O Velho

Me aproximei do fogareiro onde algumas brasas queimavam e enchiam o ar de fumaça perfumada de incenso. Me sentei num banco de madeira e o velho deu uma risada acolhedora.

- Boa noite, meu fio.

- Boa noite, meu velho - Falei.

- Meu fio tá bem?

- Não muito. Tem muita coisa na minha cabeça ultimamente.

E então o velho me disse, sentado bem na minha frente, com a bengala na mão.

- Meu fio andou pirdido pru muito tempo na vida, num foi? Mas até os discaminho levam pra algum lugar. As veis quando a gente não sabe pra onde ir, é mior parar de andar. Meu fio sabe o que eu to dizeno?

- Não sei dizer se sei.

- É milhor assim, meu fio. Quando mais a pessoa acha que sabe, é ai que mais ela ta errada.

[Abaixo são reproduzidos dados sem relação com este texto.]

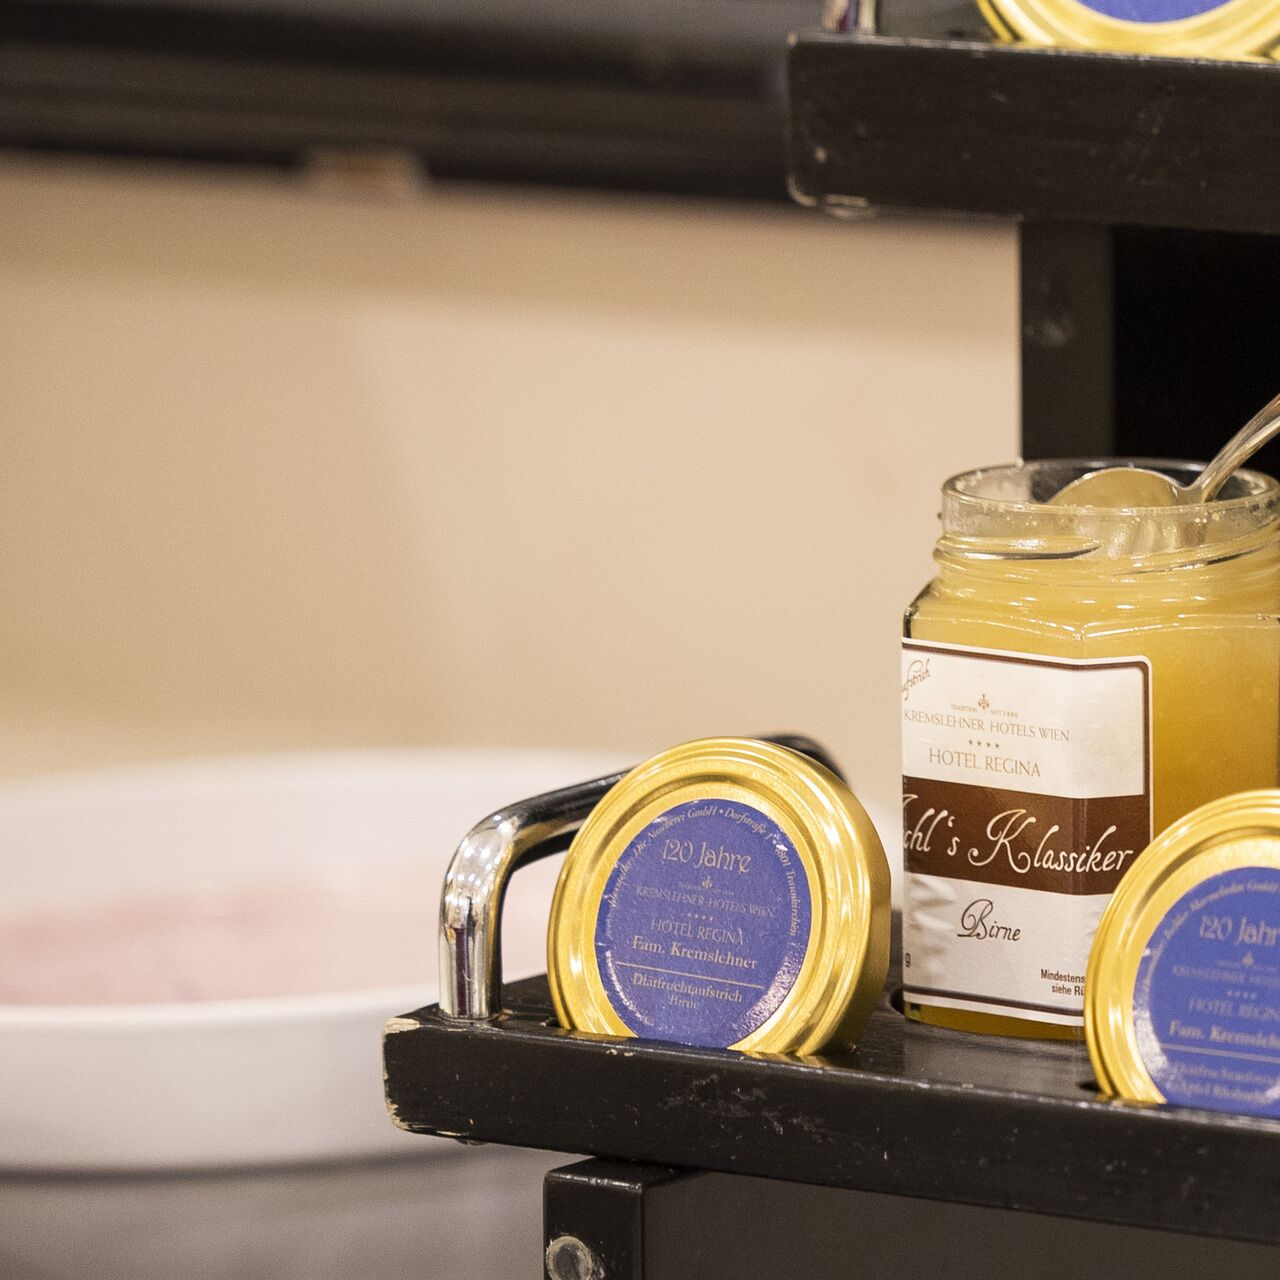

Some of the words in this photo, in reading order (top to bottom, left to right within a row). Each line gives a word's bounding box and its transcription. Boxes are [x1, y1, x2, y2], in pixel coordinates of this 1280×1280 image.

E ele esticou a bengala e encostou no meu ombro.

- O véio aqui já andou muito por onde não divia andar, e já sartei muito poço e muito estrepe, e foi pela graça de nosso sinhor que o tinhoso não me panhô nas treva dele. Mas uma hora eu cansei de correr e parei pra ouvir o que o vento tava dizeno pra mim. Meu fio já parou pra ouvir o vento?

- Se eu falasse que já, eu estaria mentindo.

- O vento fala com a gente, meu fio. O vento, as água, o chão. É purisso que eu falo pouco, e ando sempre com meus pé descalço, que é pra ouvir o que a terra tá me falano.

O velho tomou mais um gole de café na caneca de barro e deu um trago no cachimbo.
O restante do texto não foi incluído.